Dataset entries
··········

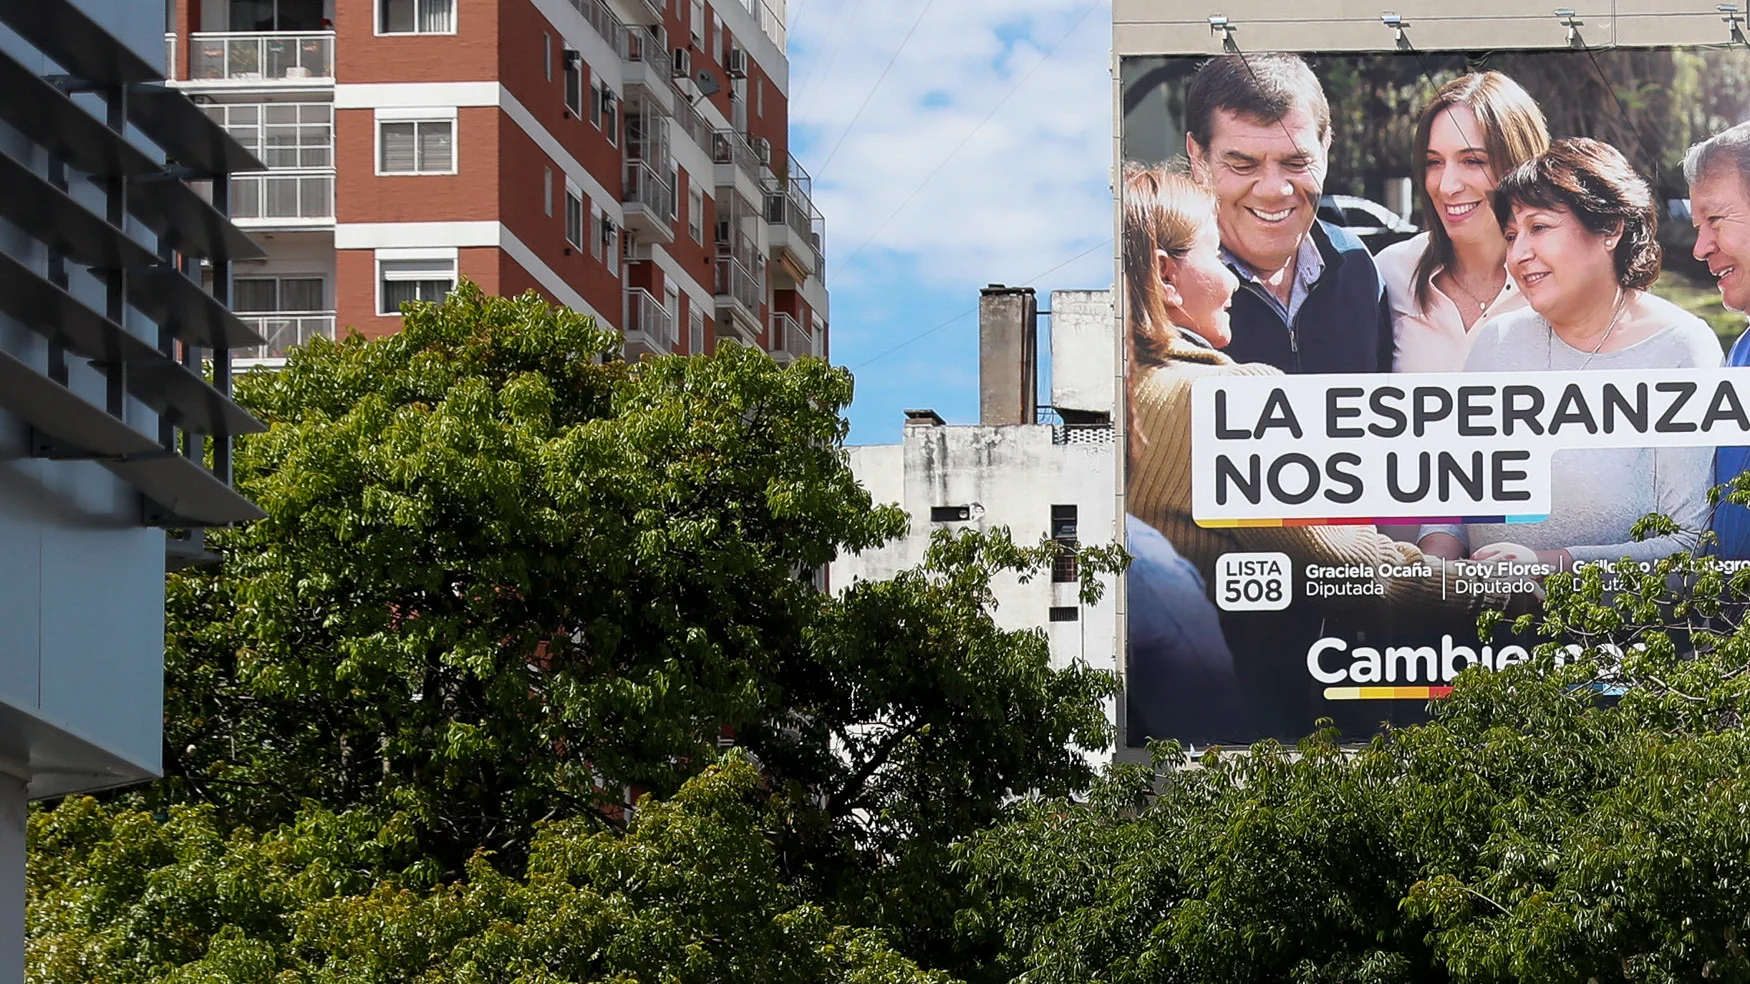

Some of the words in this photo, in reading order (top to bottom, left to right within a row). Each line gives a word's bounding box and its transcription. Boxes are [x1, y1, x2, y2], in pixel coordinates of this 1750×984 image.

[1215, 386, 1304, 442] LA
[1215, 452, 1364, 505] NOS
[1386, 449, 1532, 502] UNE
[1225, 560, 1282, 577] LISTA
[1305, 562, 1375, 578] Graciela
[1378, 560, 1433, 578] Ocaña
[1454, 561, 1496, 581] Toty
[1497, 559, 1550, 577] Flores
[1224, 578, 1283, 603] 508
[1305, 580, 1385, 599] Diputada
[1454, 577, 1536, 596] Diputado

··········

» WORK REQUEST:
Would you write out an exact copy of the entries above, with no images?

» OUTPUT OF THE TASK:
Some of the words in this photo, in reading order (top to bottom, left to right within a row). Each line gives a word's bounding box and its transcription. Boxes are [x1, y1, x2, y2], in pixel coordinates of this 1750×984 image.

[1215, 386, 1304, 442] LA
[1215, 452, 1364, 505] NOS
[1386, 449, 1532, 502] UNE
[1225, 560, 1282, 577] LISTA
[1305, 562, 1375, 578] Graciela
[1378, 560, 1433, 578] Ocaña
[1454, 561, 1496, 581] Toty
[1497, 559, 1550, 577] Flores
[1224, 578, 1283, 603] 508
[1305, 580, 1385, 599] Diputada
[1454, 577, 1536, 596] Diputado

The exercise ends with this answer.